O Homem Sem Rosto
Minhas pernas estavam dormentes de tanto correr. Esforcei-me para escutar os sons ao meu redor, mas tudo era abafado por um insistente zumbido. Senti minha cabeça latejando, um fio de sangue descia pela minha testa. Como deixei tudo chegar a esse ponto? Arrastei-me até minha cama, sem ao menos conseguir tomar um banho. Cada músculo do meu corpo doía, e me permiti adormecer, embalada pela música baixinha que vinha da sala. Até que me lembrei de que não tinha ligado música nenhuma.

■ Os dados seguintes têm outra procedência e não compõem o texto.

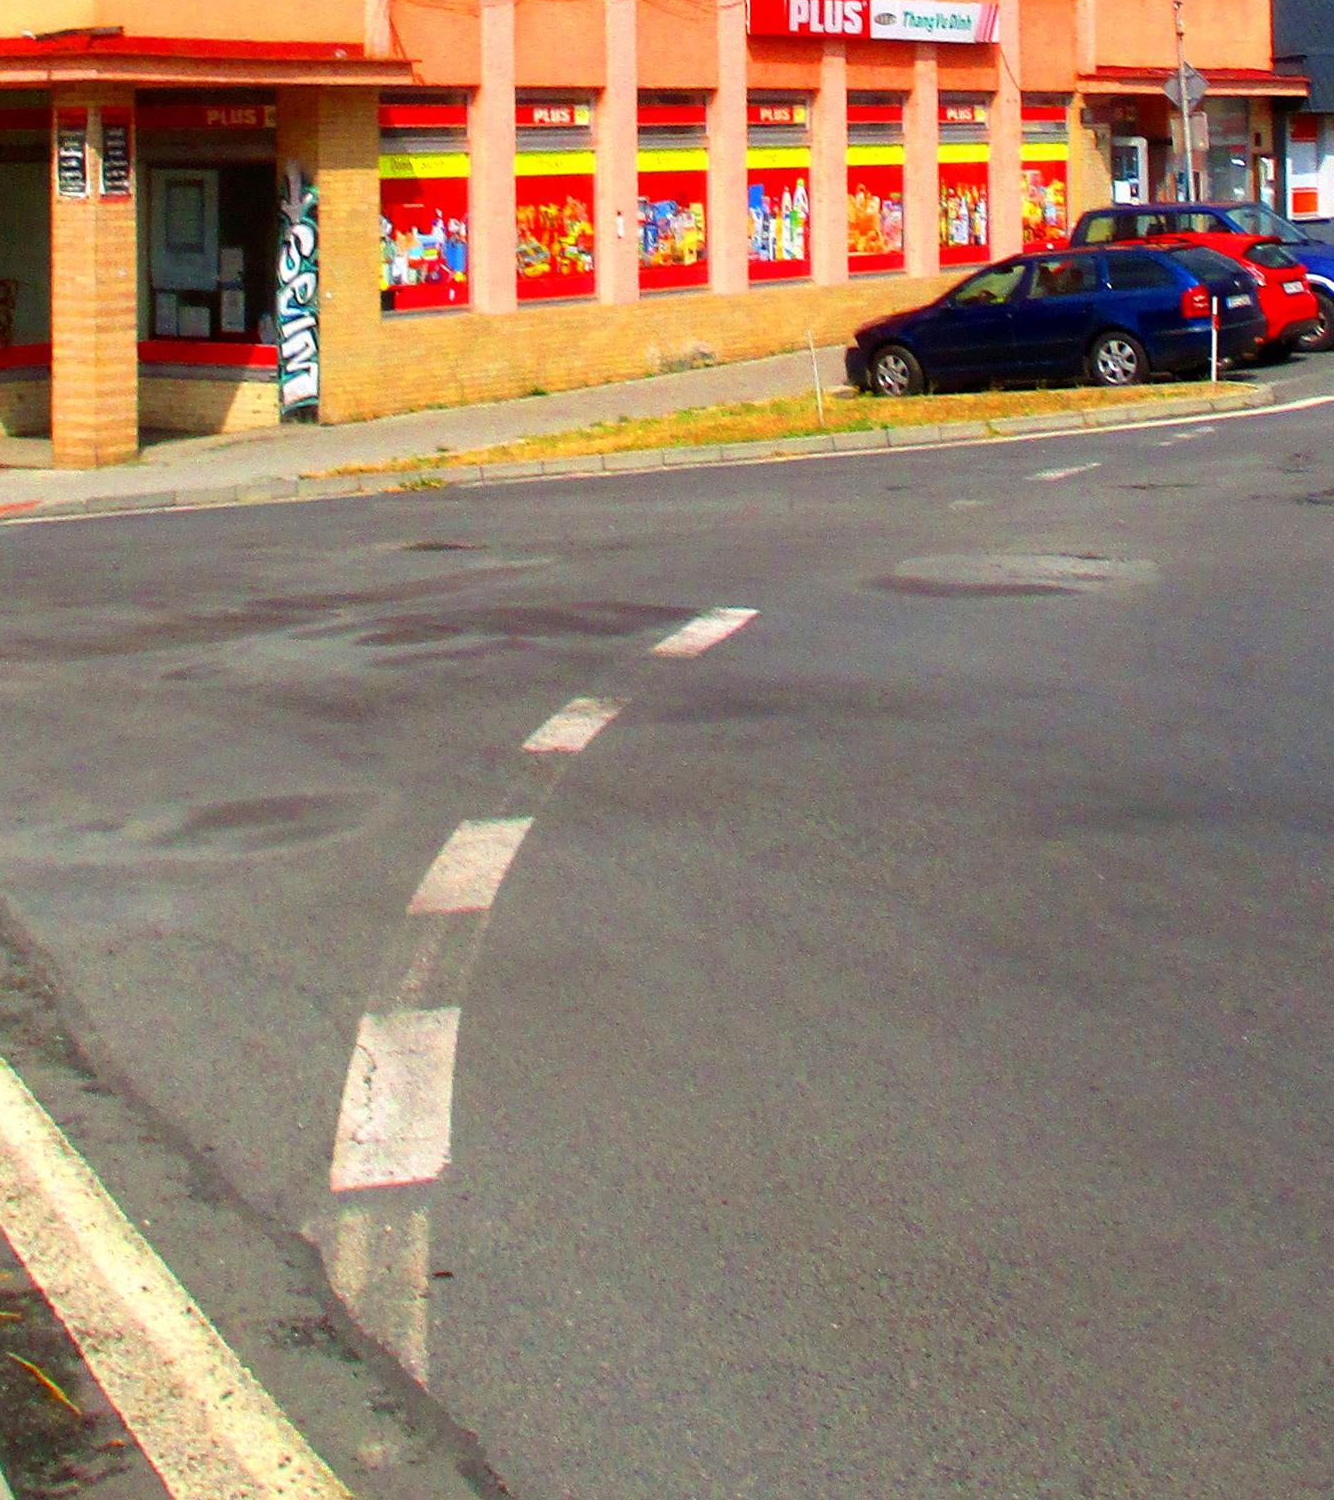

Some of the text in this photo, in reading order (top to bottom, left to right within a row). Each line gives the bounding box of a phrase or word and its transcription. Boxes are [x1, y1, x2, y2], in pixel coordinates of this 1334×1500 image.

[207, 108, 256, 125] PLUS
[533, 108, 570, 123] PLUS
[759, 107, 790, 121] PLUS
[946, 107, 972, 121] PLUS

Caro leitor, meu nome é Cecília. Nada na minha vida é extraordinário, muito pelo contrário: tenho um emprego chato de garçonete, trabalho horas a fio para ganhar um mísero salário que mal paga minhas despesas e sou uma pessoa muito solitária. Não falo com meus pais há meses, não tenho muitos amigos e meu namorado terminou comigo na semana passada. Bom, há uma única coisa que pode ser considerada extraordinária, algo que eu não desejaria nem ao meu pior inimigo. Desde muito pequena, sempre tive uma ligação com o sobrenatural, e eventos em que via um homem sem rosto se arrastando pelo meu jardim eram muito comuns. Ele ficava lá, à espreita, esperando e vigiando. A última vez que tinha visto o ser misterioso foi há 10 anos, quando o vi deixando minha casa pela primeira vez. Até o dia de hoje, quando ele apareceu novamente.
Era tarde da noite, e eu estava saindo da lanchonete onde trabalhava. Andava pelas ruas desertas em direção à minha casa, quando repentinamente senti um arrepio me atingir. Pude sentir alguém – ou algo – me observando, então me virei. A criatura estava lá, mas não parada e alerta como de costume, e sim se aproximando. Primeiro lenta e cautelosamente, depois depressa. Quando me dei conta, estava correndo o mais rápido que podia na direção oposta à minha casa. Embrenhei-me na floresta, tentando despistar o misterioso ser e acabei tropeçando e batendo a cabeça num galho. Minha cabeça latejava, meus ouvidos zumbiam e um fio de sangue escorria pela minha testa. Não conseguiria fugir por muito mais tempo.
Juntei todas as energias que me restavam para correr até minha casa, rezando para todas as entidades que conhecia. E voltamos ao momento em que estou deitada na minha cama, ouvindo uma música misteriosa, cuja origem não consigo identificar. Tento gritar, mas me sinto sufocada. Tento me levantar e correr, mas não tenho mais forças. A criatura se aproxima, apoia suas mãos enrugadas e frias em meu pescoço e aperta-o. Aos poucos, aquele homem sem rosto vai me estrangulando, e eu vou perdendo o ar sabendo que cheguei à linha final. Ele sussurra bem próximo ao meu ouvido: “Eu sou o desespero, a solidão, a desesperança. A morte e a discórdia. Se estamos aqui, a culpa é sua e somente sua. Você se destruiu, Cecília Lemos.”
Então alcanço o outro lado, sabendo que não há ninguém para chorar minha morte ou sentir minha falta.